[Phrase grounding data]
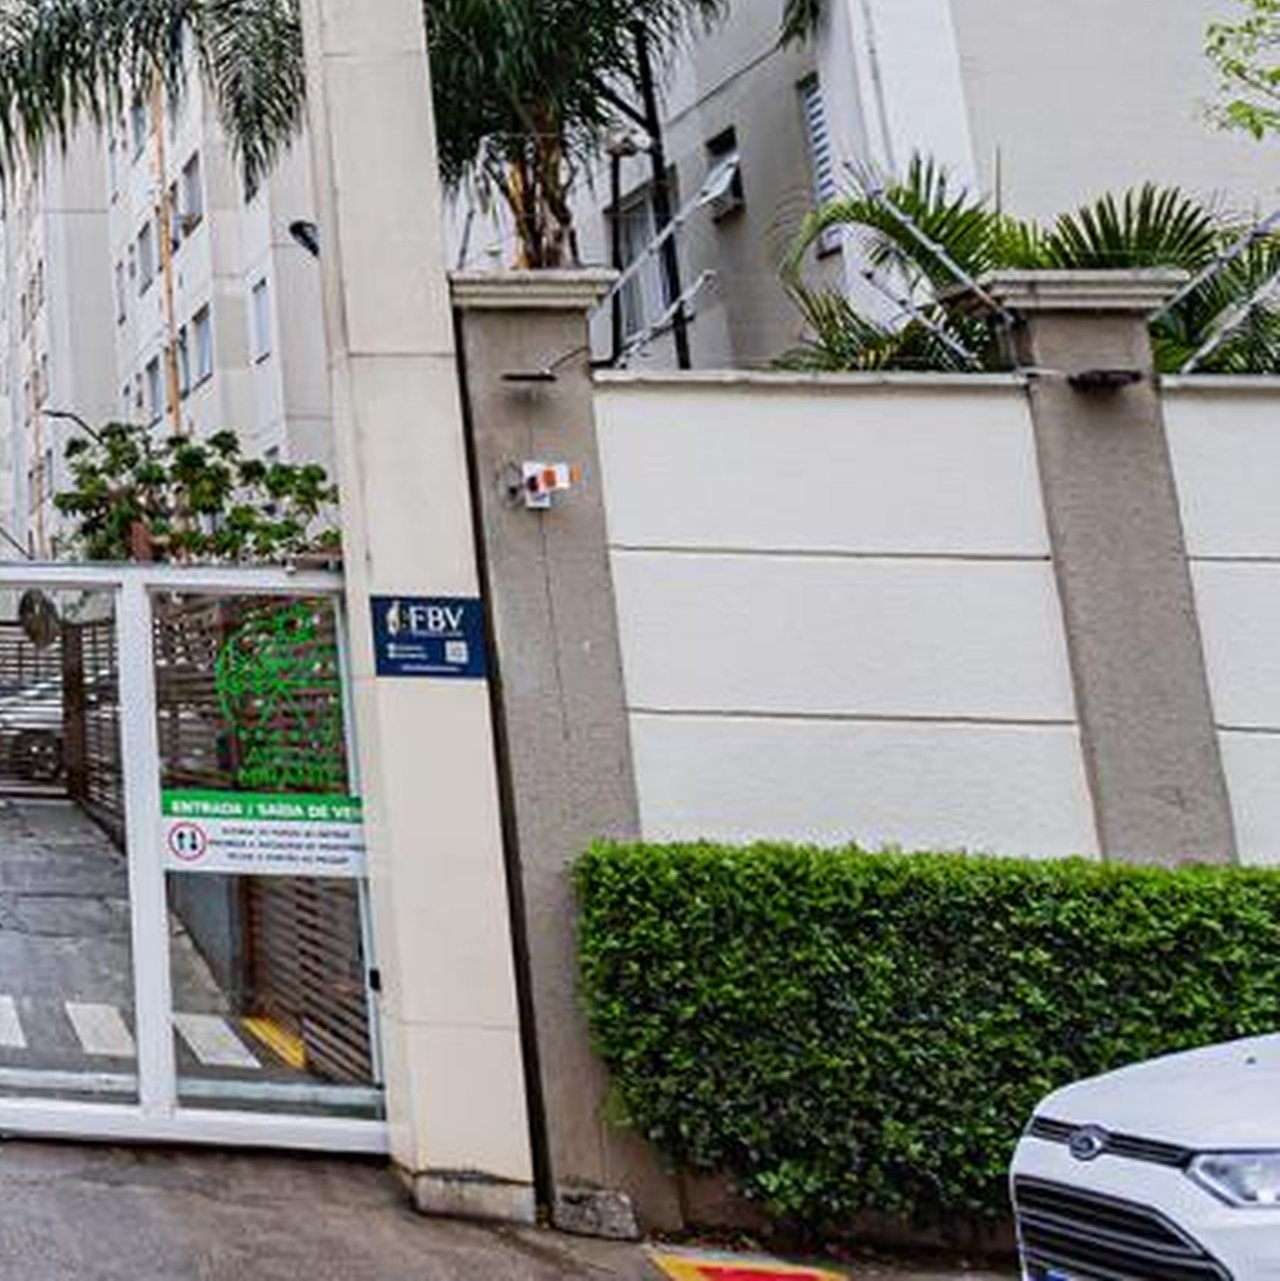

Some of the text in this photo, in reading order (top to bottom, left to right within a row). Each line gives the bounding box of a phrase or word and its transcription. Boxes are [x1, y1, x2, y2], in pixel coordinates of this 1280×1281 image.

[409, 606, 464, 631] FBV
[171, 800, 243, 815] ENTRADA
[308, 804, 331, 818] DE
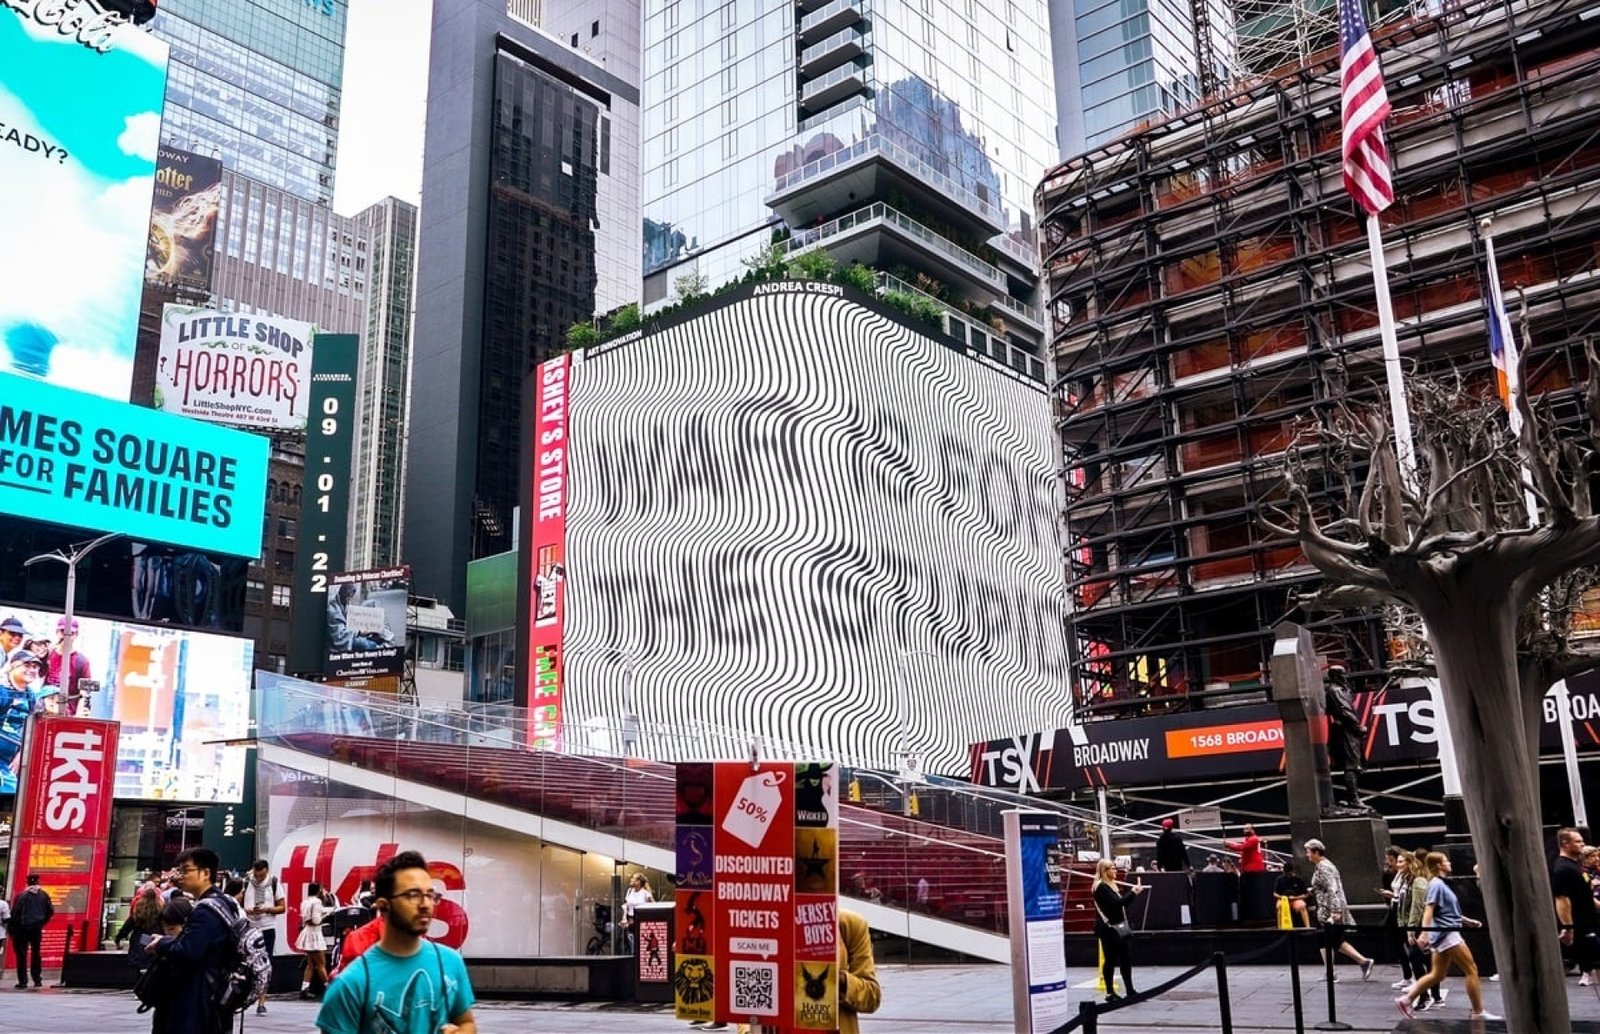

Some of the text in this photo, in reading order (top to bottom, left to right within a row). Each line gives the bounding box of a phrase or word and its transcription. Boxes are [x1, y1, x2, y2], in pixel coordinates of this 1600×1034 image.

▶ _EXERCISE REQUIREMENTS_:
Set down each entry again exactly as written. Pictures stay out.

▶ _EXERCISE RESULT_:
Some of the text in this photo, in reading order (top to bottom, left to right within a row). Each line gives the bounding box of a phrase or word and its transcription. Boxes are [x1, y1, x2, y2], in pixel coordinates of this 1280×1281 image.

[409, 606, 464, 631] FBV
[171, 800, 243, 815] ENTRADA
[308, 804, 331, 818] DE

Some of the text in this photo, in reading order (top to bottom, left to right within a row). Each line gives the bounding box of a phrase or word and its transcription. Boxes are [x1, y1, x2, y2], in pixel coordinates of this 1600×1034 image.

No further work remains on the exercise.